Los viernes en la noche el panorama era Video Loco, imperdible. Era de esos programas que podíamos ver con mis hermanos y también con mis papás, un poco como pasaba años antes con Sábados Gigantes. No sé si hoy existen de esos que unen distintas generaciones. Era tan inocente, pero me acuerdo perfectamente de las carcajadas transversales. Después de Video Loco empezaban Los Simpsons y la hora de irme a acostar.

Había series que, como estaban dirigidas a un público más grande, yo no entendía bien pero que me fascinaban, como Beverly Hills 90210. Demasiado glamour. La vida de los mellizos Brandon y Brenda Walsh y sus amigos me parecía alucinante. Jóvenes llegando en autos descapotables al colegio y tenidas espléndidas, con papás que no deben haber tenido ni 40 años y a mí me parecían derechamente viejos.

Yo leía un montón, pero siempre había algo que ver. “Se te van a poner los ojos cuadrados” decía mi mamá, que cuando llegaba de trabajar tocaba el televisor para sentir si estaba caliente y así saber si habíamos estado viendo; algo que probablemente había pasado. Faltaban muchos años para que llegaran los plasmas y pantallas planas.

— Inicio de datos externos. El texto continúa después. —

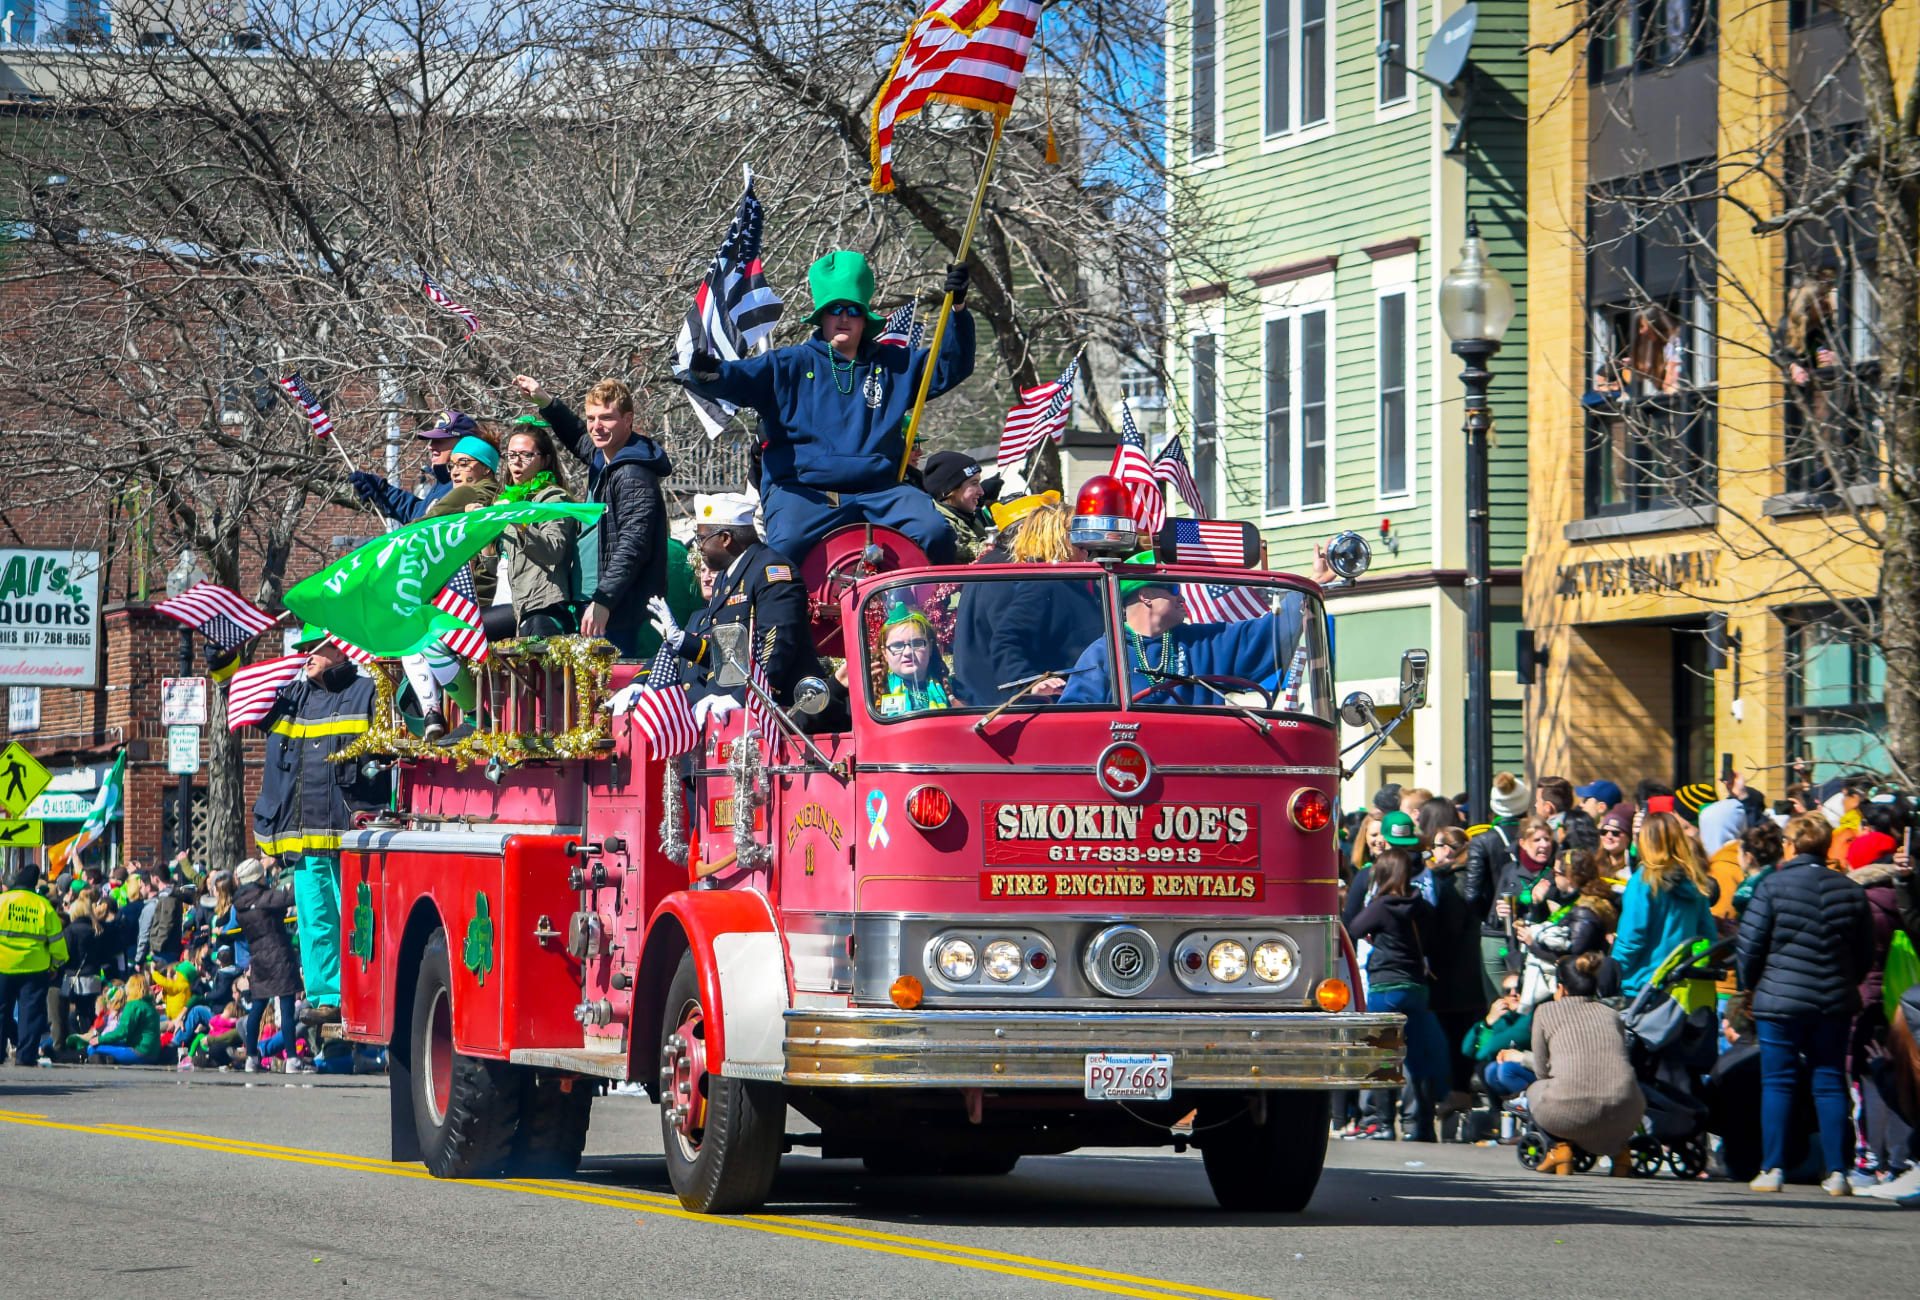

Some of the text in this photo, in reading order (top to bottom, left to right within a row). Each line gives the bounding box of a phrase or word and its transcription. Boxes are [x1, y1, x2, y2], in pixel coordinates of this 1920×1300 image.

El TV cable llegó a mi casa cuando yo era un poco más grande. Veía mucho MTV y me gustaban las películas antiguas que daban en las mañanas en TNT, esos musicales como de Fred Astaire y Ginger Rogers. Si me enfermaba y faltaba al colegio, eso era lo que veía, además del programa de Julio Videla. Era otro mundo: aún tenía un pie en mi infancia, pero de a poco iba quedando atrás el encontrarme en las tardes con La Moda al Día o el servicio de utilidad pública.

Hoy no tengo ni tele, para qué, si en el computador tengo Netflix, Star + y Amazon Prime Video. A pesar de eso, hay veces en las que siento que no hay nada que ver. Cientos (si no miles) de alternativas y hay ocasiones en las que nada me convence. Es como la caricatura de quien abre su clóset lleno de ropa y dice “no tengo nada que ponerme”. No quiero sonar deprimente, pero me parece la triste metáfora de una época en la que la hiperconexión, el exceso de información, la posibilidad de tenerlo todo a través del endeudamiento y una oferta absurda en todo aspecto nos quita libertad. Es lo mismo que ocurre con un catálogo casi infinito de series y películas: nada es suficiente.